• [Directions for this task]: The entries below are to be repeated exactly, and their pictures left out.

┌─ Data to use

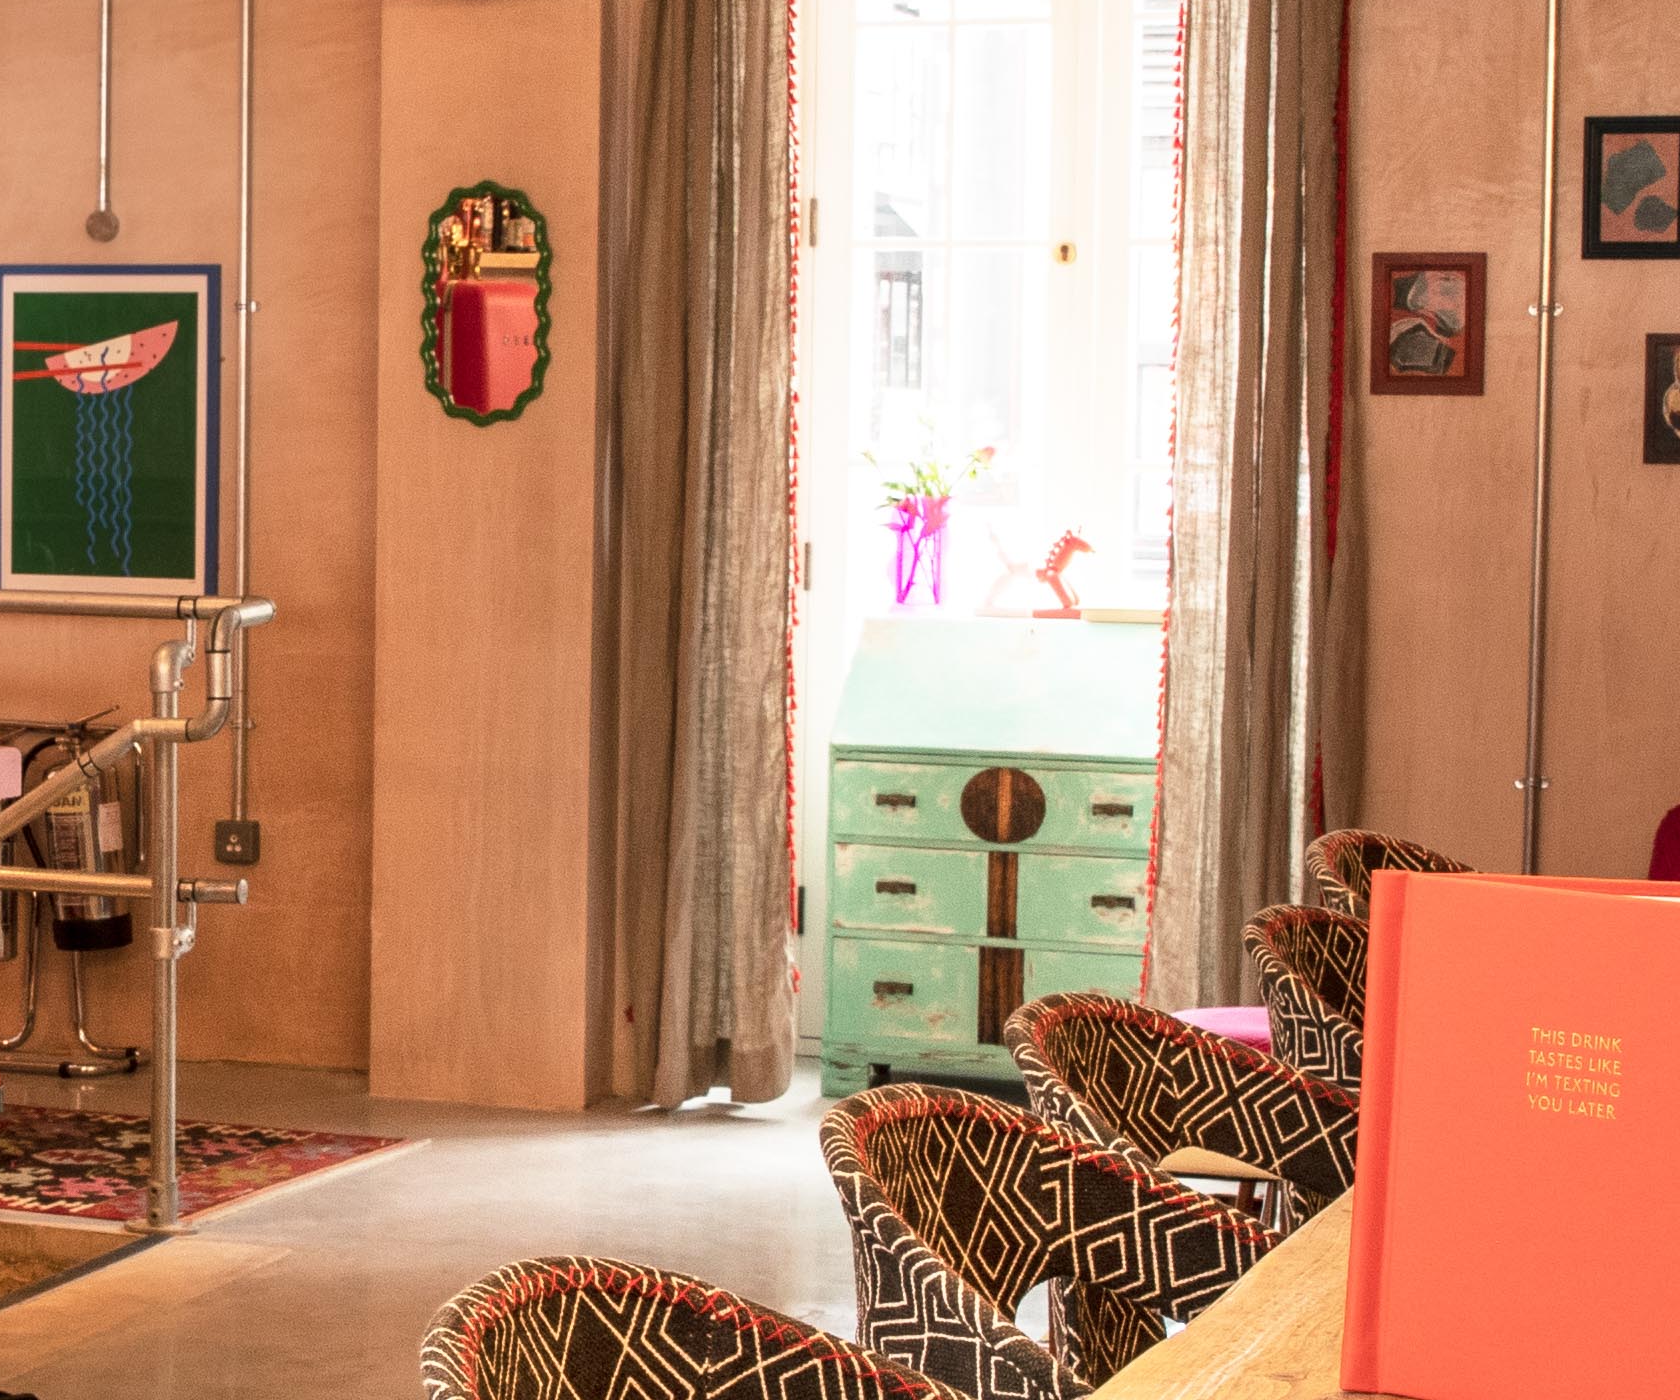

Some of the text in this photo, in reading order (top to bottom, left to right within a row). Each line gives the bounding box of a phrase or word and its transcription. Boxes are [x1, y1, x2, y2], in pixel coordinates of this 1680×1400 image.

[1531, 1027, 1622, 1053] THIS DRINK
[1529, 1049, 1622, 1076] TASTES LIKE
[1526, 1071, 1621, 1098] I'M TEXTING
[1528, 1094, 1617, 1120] YOU LATER

└─

• [Solution to this task]:
Some of the text in this photo, in reading order (top to bottom, left to right within a row). Each line gives the bounding box of a phrase or word and its transcription. Boxes are [x1, y1, x2, y2], in pixel coordinates of this 1680×1400 image.

[1531, 1027, 1622, 1053] THIS DRINK
[1529, 1049, 1622, 1076] TASTES LIKE
[1526, 1071, 1621, 1098] I'M TEXTING
[1528, 1094, 1617, 1120] YOU LATER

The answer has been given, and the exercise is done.